Only the text carries over: repeat the records exactly and drop the images.
--- Given records ---
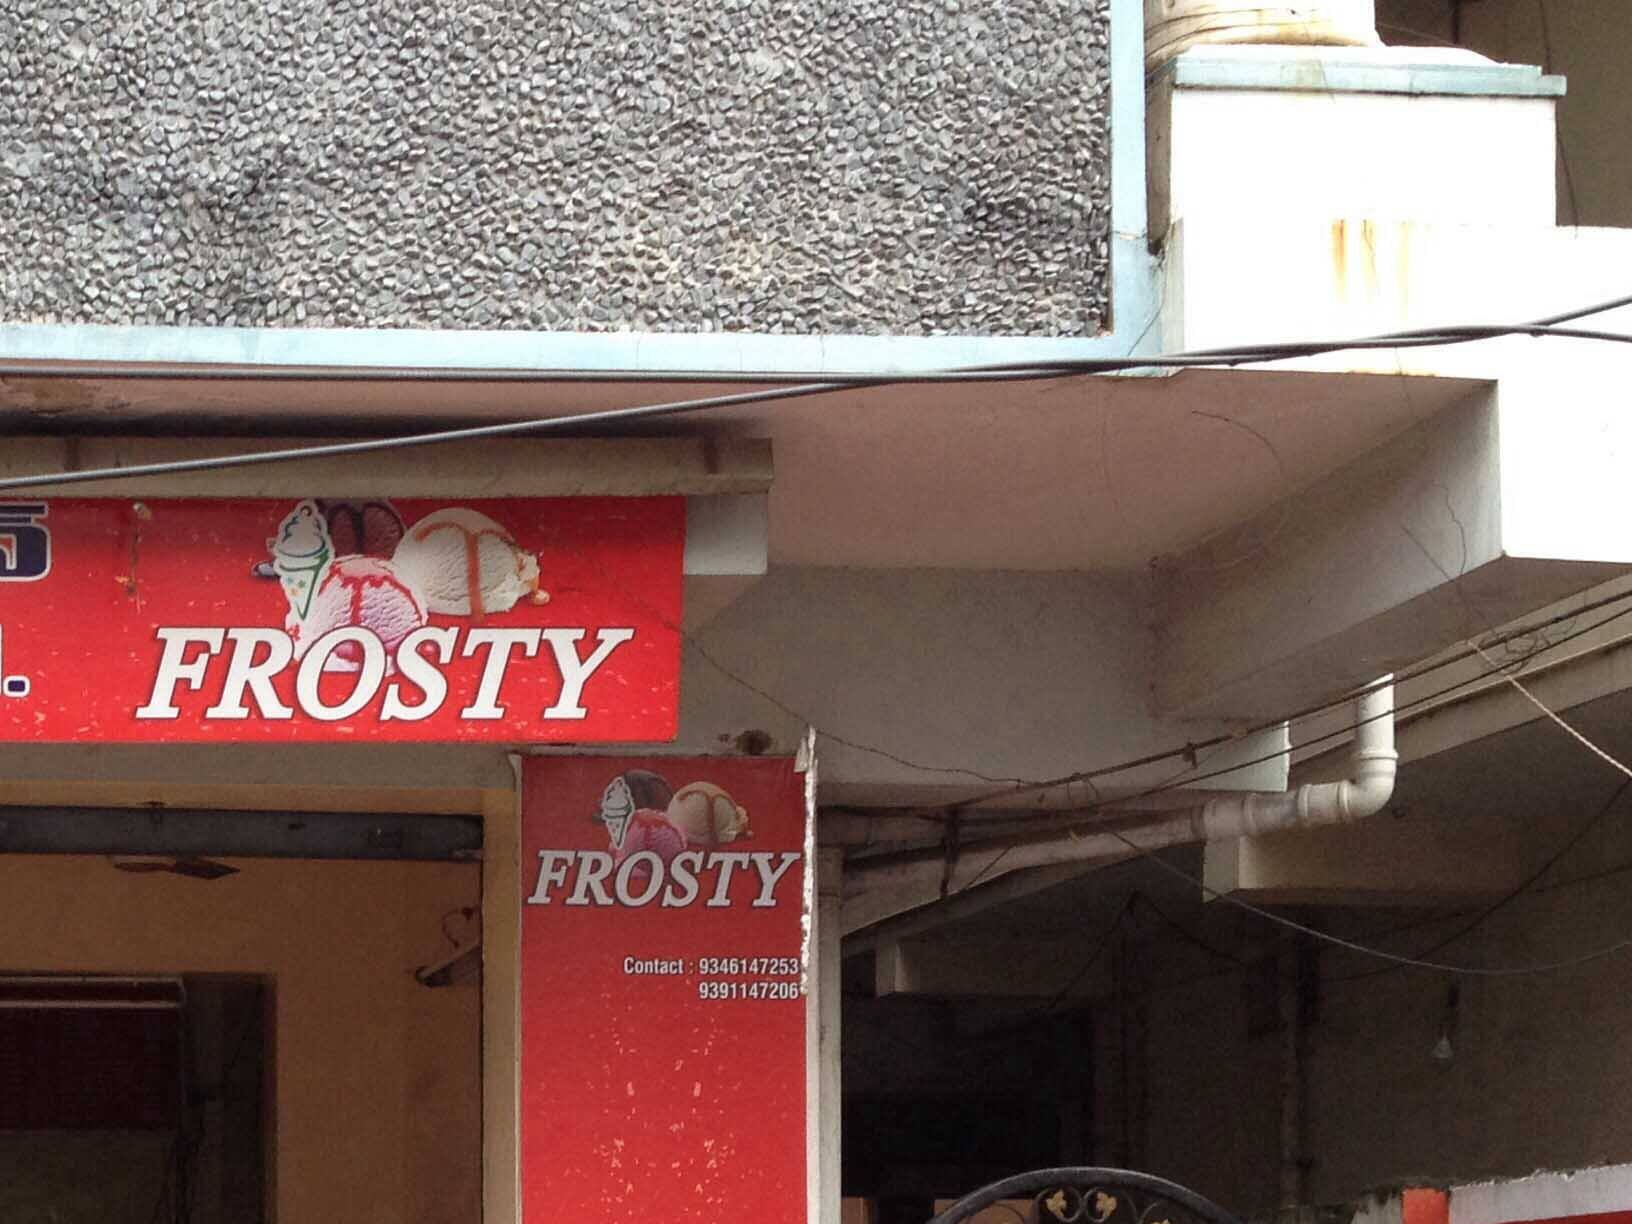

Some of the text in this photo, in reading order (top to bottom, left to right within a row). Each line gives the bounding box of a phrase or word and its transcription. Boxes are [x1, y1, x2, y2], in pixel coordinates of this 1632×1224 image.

[135, 626, 635, 722] FROSTY
[527, 850, 801, 907] FROSTY
[623, 957, 684, 975] Contact
[699, 958, 799, 976] 9346147253
[699, 982, 799, 1000] 9391147206
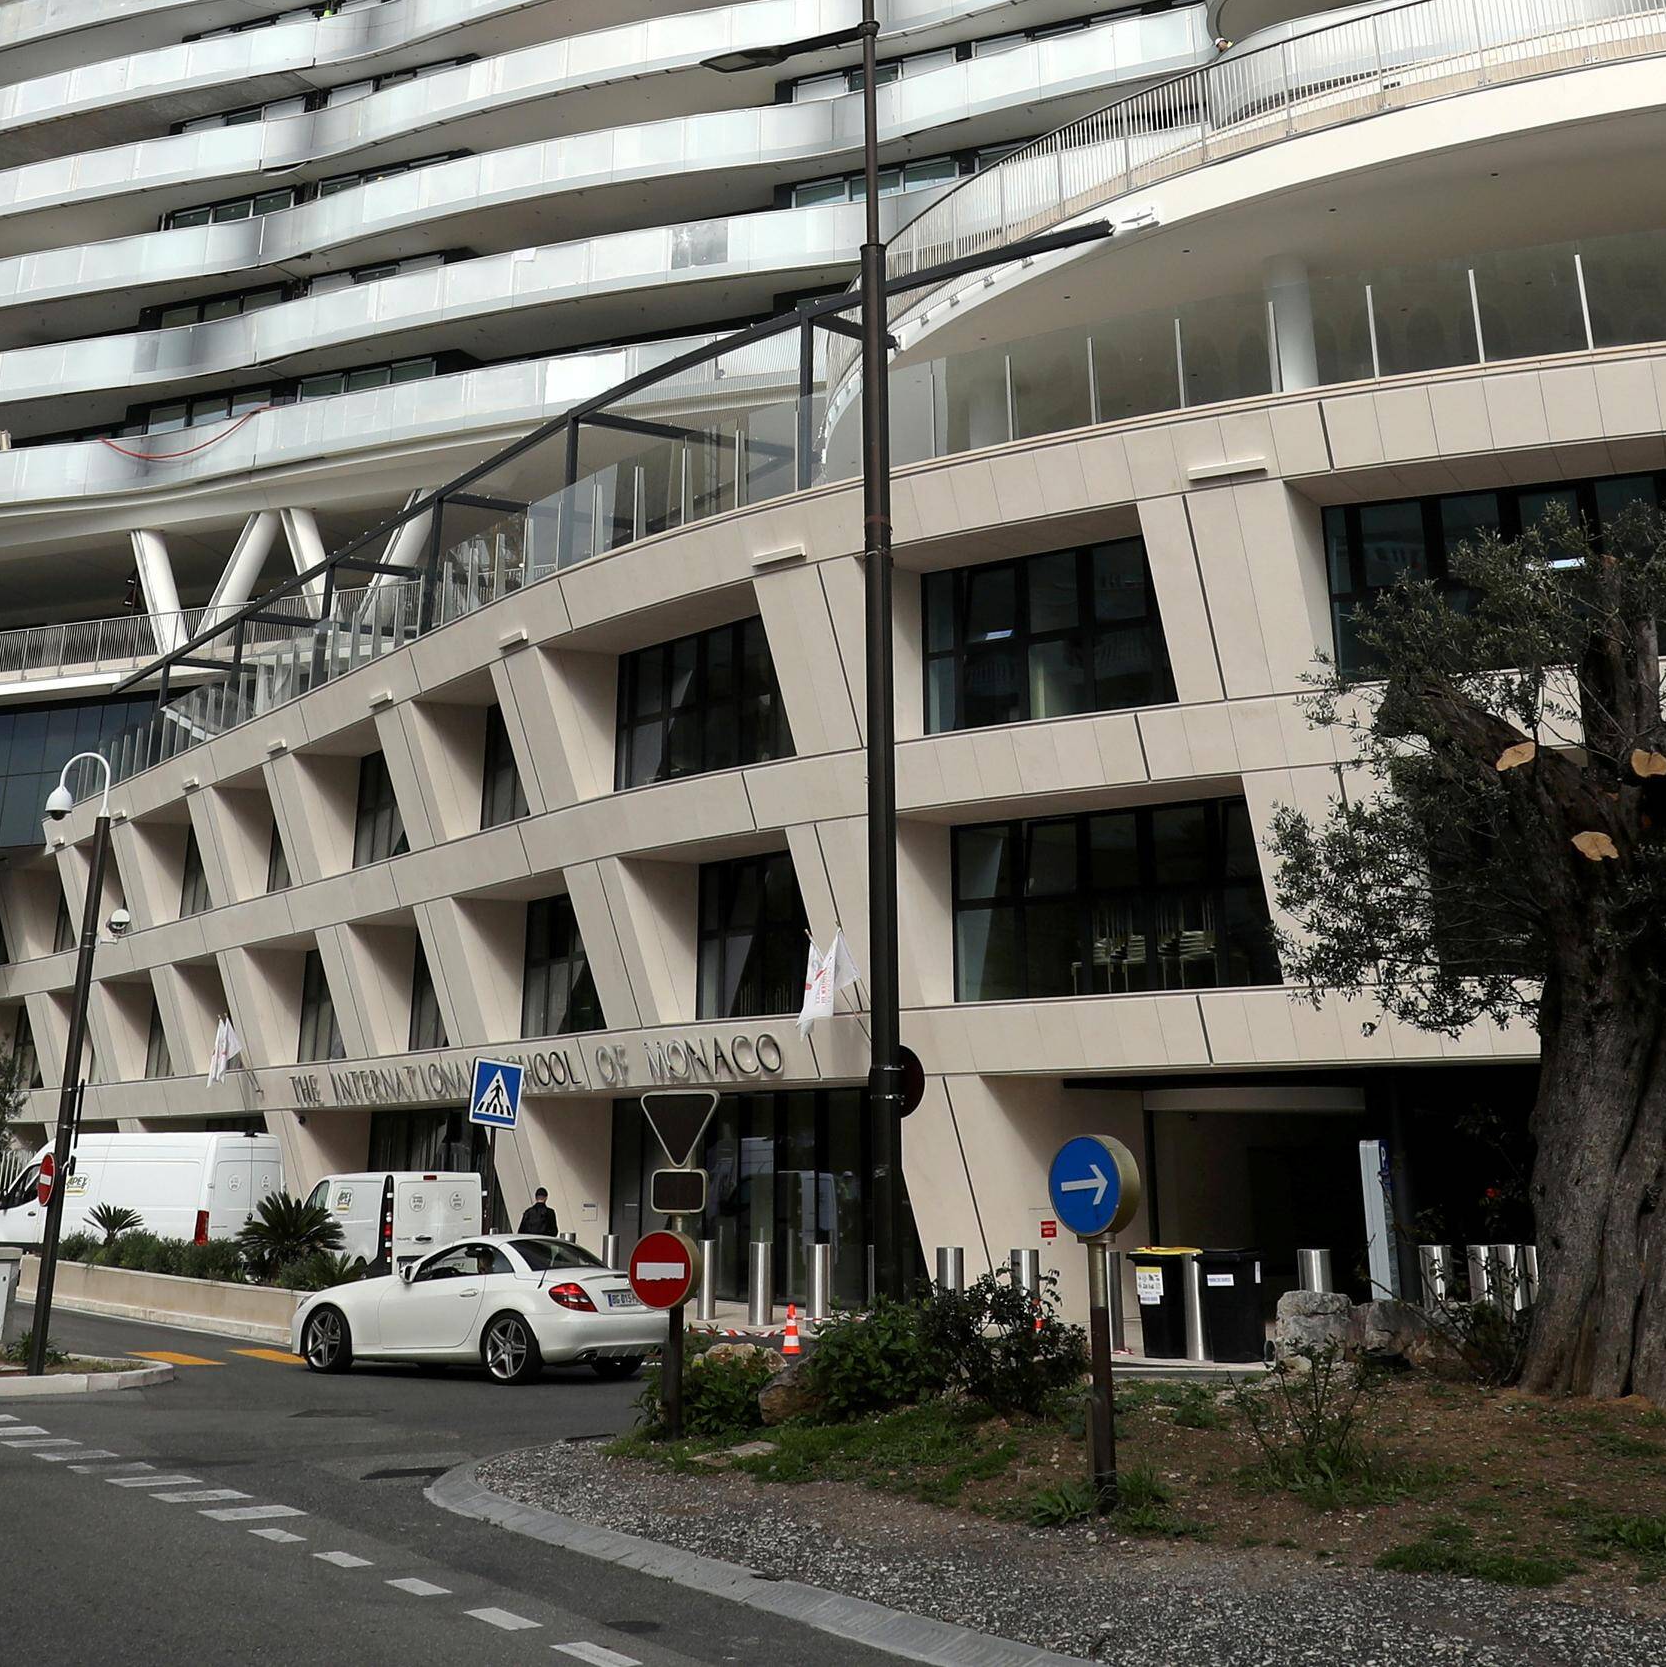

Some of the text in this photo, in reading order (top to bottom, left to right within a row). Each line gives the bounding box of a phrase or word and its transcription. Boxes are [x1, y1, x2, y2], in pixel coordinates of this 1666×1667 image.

[289, 1074, 321, 1103] THE
[595, 1043, 629, 1083] OF
[644, 1033, 782, 1080] MONACO
---
* **Worked solution**
Some of the text in this photo, in reading order (top to bottom, left to right within a row). Each line gives the bounding box of a phrase or word and its transcription. Boxes are [x1, y1, x2, y2], in pixel coordinates of this 1632×1224 image.

[135, 626, 635, 722] FROSTY
[527, 850, 801, 907] FROSTY
[623, 957, 684, 975] Contact
[699, 958, 799, 976] 9346147253
[699, 982, 799, 1000] 9391147206

Some of the text in this photo, in reading order (top to bottom, left to right within a row). Each line gives the bounding box of a phrase or word and its transcription. Boxes are [x1, y1, x2, y2], in pixel coordinates of this 1666×1667 image.

[289, 1074, 321, 1103] THE
[595, 1043, 629, 1083] OF
[644, 1033, 782, 1080] MONACO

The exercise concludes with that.